As Kansas district attorney refuses to enforce election law, voter groups won’t resume registration drives

Jason Tidd
Topeka Capital-Journal
A ballot is dropped off into a secure drop-off box during the general elections in Shawnee County in 2020.

Voter advocates won't resume registration drives in Kansas, despite the Douglas County district attorney's refusal to enforce a new election law.

Douglas County District Attorney Suzanne Valdez, a Democrat, announced last week that her office won't prosecute people who violate HB 2183.

"This is not a partisan issue," Valdez said in a news release. "This law criminalizes essential efforts by trusted nonpartisan groups like the League of Women Voters to engage Kansans on participation in accessible, accountable and fair elections. It is too vague and too broad and threatens to create felons out of dedicated defenders of democracy."

Valdez's decision comes ahead of Tuesday's primary elections.

However, the League of Women Voters of Kansas won't be restarting its voter registration drives.

"This doesn’t change anything for us at this time," said Jacqueline Lightcap, the League's co-president. "We feel there are still many unknowns related to this law and look forward to getting clarity soon from the Court."
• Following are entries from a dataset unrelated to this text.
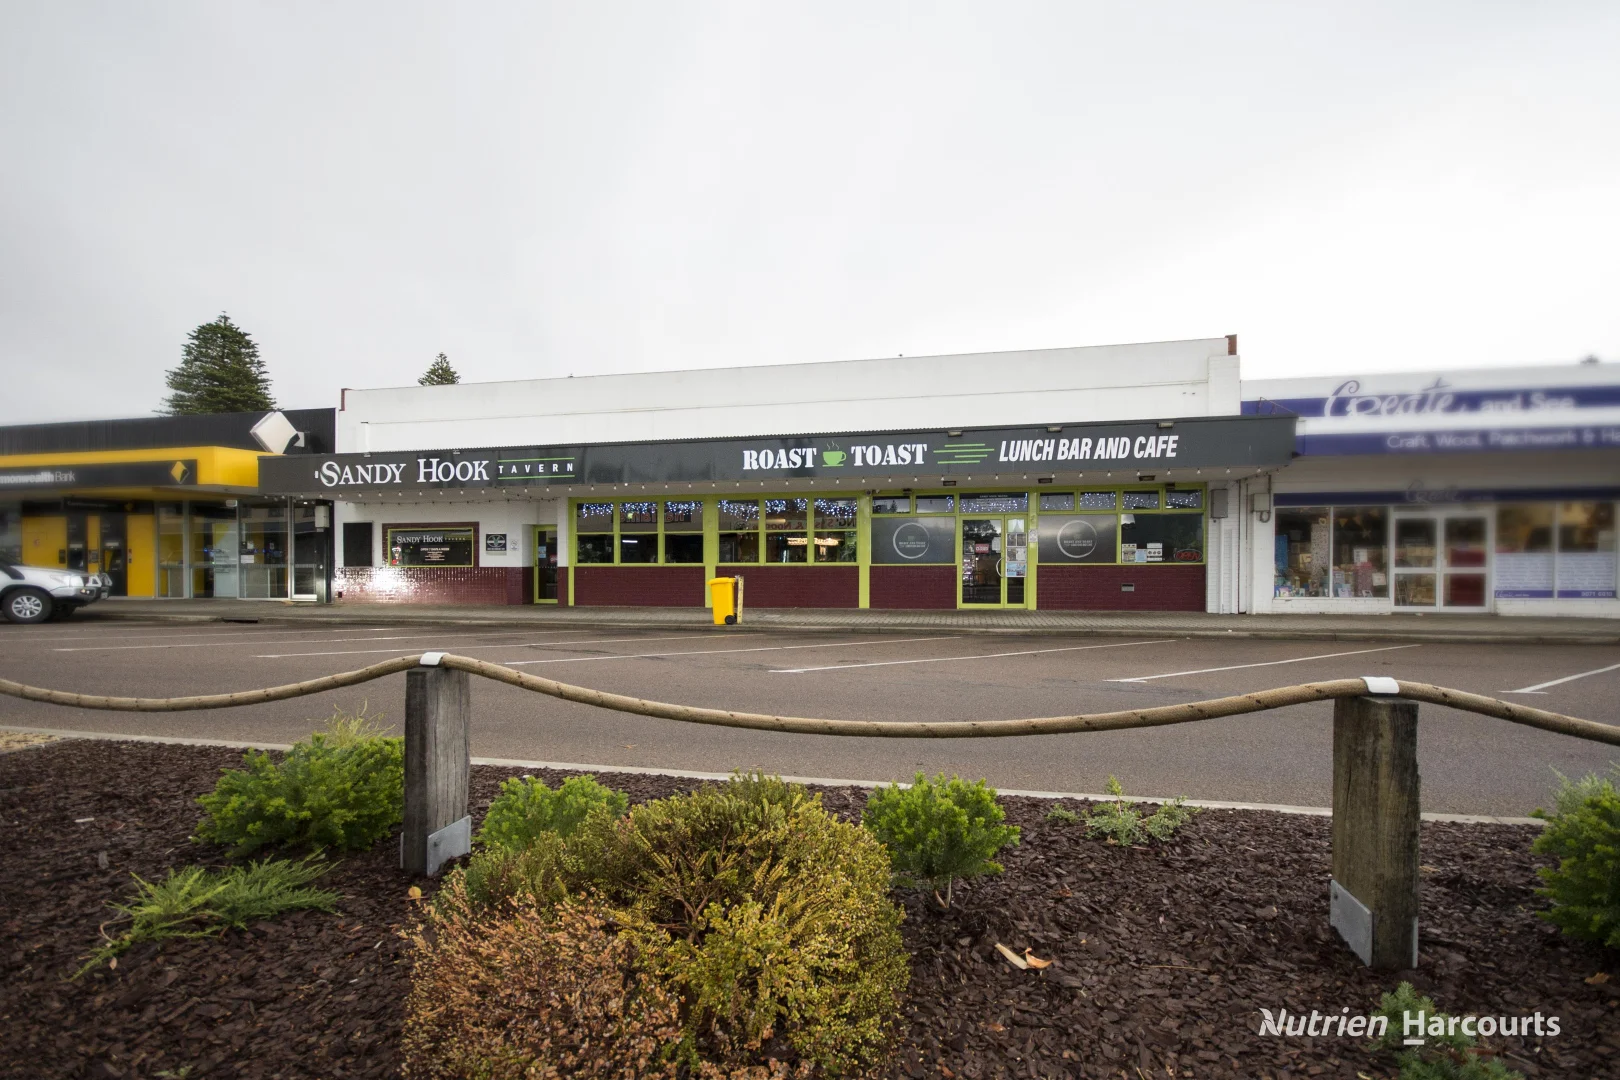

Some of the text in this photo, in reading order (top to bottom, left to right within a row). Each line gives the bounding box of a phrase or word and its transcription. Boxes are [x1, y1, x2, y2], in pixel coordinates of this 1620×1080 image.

[1324, 377, 1574, 417] Create and See
[1490, 430, 1577, 446] Patchwork
[743, 435, 1179, 470] ROAST TOAST LUNCH BAR AND CAFE
[55, 471, 76, 482] Bank
[320, 458, 574, 487] SANDY HOOK TAVERN
[396, 535, 421, 544] SANDY
[423, 534, 444, 543] HOOK
The law, along with HB 2332, is already the subject of a pair of state and federal lawsuits. Advocates have especially targeted provisions that limit the number of advance ballots an individual can bring to the polls on behalf of someone else and criminalizing conduct that gives the appearance of being an elections official.

Related:Voting rights advocates file dueling lawsuits arguing new Kansas election laws are unconstitutional

Valdez said the definitions of "conduct" and "appearance" are subjective under the law, which doesn't require the "reasonable person" standard. Impersonating an elections official is already illegal under other state statutes.
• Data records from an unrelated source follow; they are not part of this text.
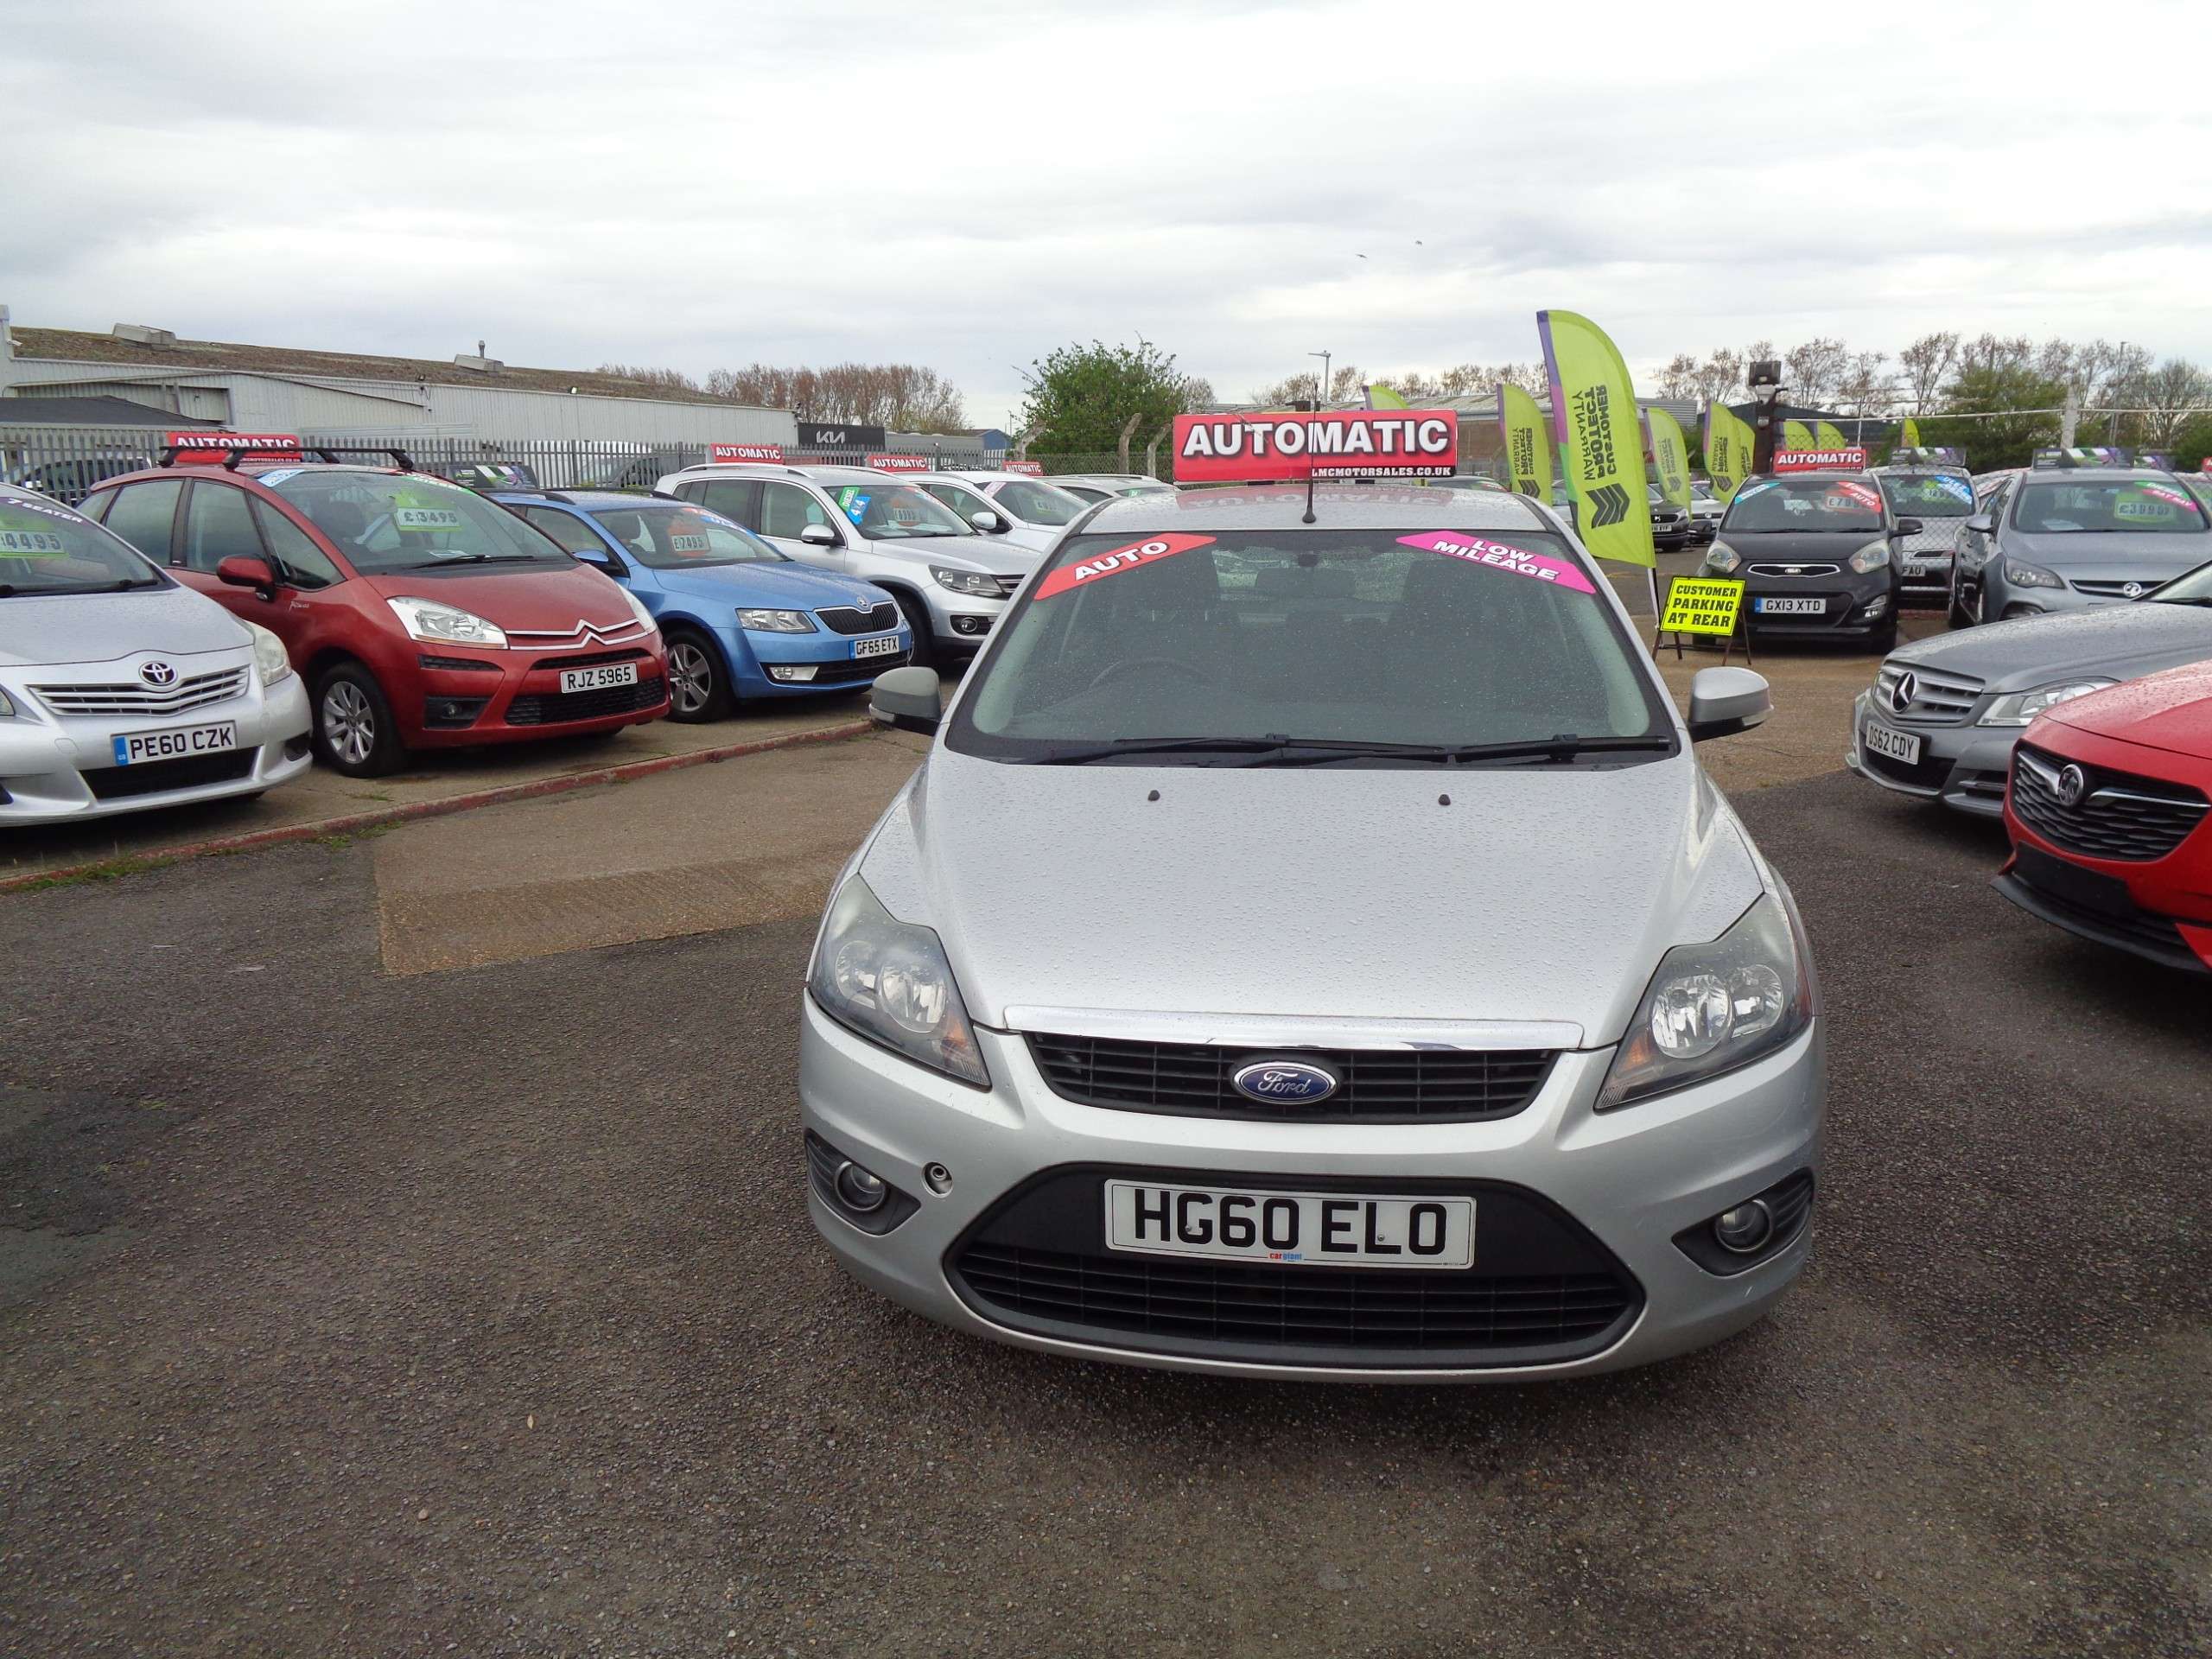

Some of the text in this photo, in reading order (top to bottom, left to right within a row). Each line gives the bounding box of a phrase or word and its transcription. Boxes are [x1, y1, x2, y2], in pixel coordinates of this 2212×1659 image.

[1182, 419, 1449, 457] AUTOMATIC
[715, 446, 781, 460] AUTOMATIC
[873, 456, 926, 468] AUTOMATIC
[1777, 452, 1863, 464] AUTOMATIC
[1006, 463, 1042, 474] AUTOMATIC
[1312, 467, 1452, 477] LMCMOTORSALES.CO.UK
[22, 502, 83, 524] SEATER
[1074, 541, 1169, 582] AUTO
[1432, 540, 1560, 581] MILEAGE
[1471, 540, 1535, 563] LOW
[1676, 585, 1738, 597] CUSTOMER
[1673, 598, 1734, 612] PARKING
[1766, 600, 1821, 611] GX13 XTD
[1668, 612, 1731, 627] AT REAR
[856, 637, 898, 655] GF65 ETX
[567, 666, 632, 690] RJZ 5965
[130, 733, 187, 760] PE60
[192, 727, 233, 750] CZK
[1869, 725, 1914, 759] DS62 CDY
[1257, 1071, 1312, 1094] Ford
[1135, 1188, 1447, 1255] HG60 ELO
"Normal, everyday, traditional political activities have been declared unlawful and can potentially carry a prison sentence," Valdez said. "Even the charge itself is a public record. A felony conviction can affect things like employment and housing, not to mention the loss of voting rights."

She said "the inevitable effect" of the law will be "weakened or depleted voter engagement efforts."

Republican legislators have argued in favor of the laws, citing the need to ensure safe and secure elections, despite no known instances of mass fraud in Kansas. The laws were passed by the Legislature over the veto of Democratic Gov. Laura Kelly.

Some advocates have cited concerns that Kansas Attorney General Derek Schmidt could prosecute potential violators in the Lawrence area. Schmidt, a Republican, is also running for governor.

More:The governor's race is officially underway. What role will Sam Brownback and Donald Trump play?

A spokesperson for the attorney general's office didn't respond to emailed questions, including whether the office will take up enforcement in Douglas County and whether Schmidt considers the local prosecutor's announcement to be a legitimate case of prosecutorial discretion.

On Monday, Schmidt "assured Kansans that election crimes will still be prosecuted" in Douglas County. His statement said law enforcement agencies may present evidence on the "election-integrity law" to his office.

"Thousands of Kansans will go to the polls tomorrow in the municipal primary elections," Schmidt said. "Citizens throughout our state deserve assurance that state election-integrity laws will be enforced and election crimes, like all other crimes, will be prosecuted when warranted by the evidence."

Valdez responded Monday evening, calling Schmidt's statement "a threat" to those who help voters.

"This undermining of my local authority is a disturbing example of overreach, attempted intimidation and partisan bluster," she said.

Jill Jess, a spokesperson for the Douglas County District Attorney's Office, said the office is unaware of other county-level prosecutors who are refusing to enforce the election law.

It isn't entirely unheard of for county prosecutors, who are elected officials, to refuse to enforce laws. 

In May 2020, Reno County District Attorney Keith Schroeder announced that he wouldn't prosecute any cases based on coronavirus-related executive orders issued by Kelly. At the time, Schroeder cited a legal opinion from Schmidt that questioned the legality of the governor’s “rolling” disaster declaration.

Schroeder said he would continue to enforce local health orders.

Last summer, several local law enforcement officials across the state announced they wouldn't enforce the governor’s mask mandate.

“As with the Governor's previous orders, they are not laws, and they are not enforceable,” St. Marys police announced in a Facebook post.

The emergency management law states the governor’s orders “have the force and effect of law during the period of a state of disaster emergency.” The governor may also “require and direct the cooperation and assistance of state and local governmental agencies and officials.”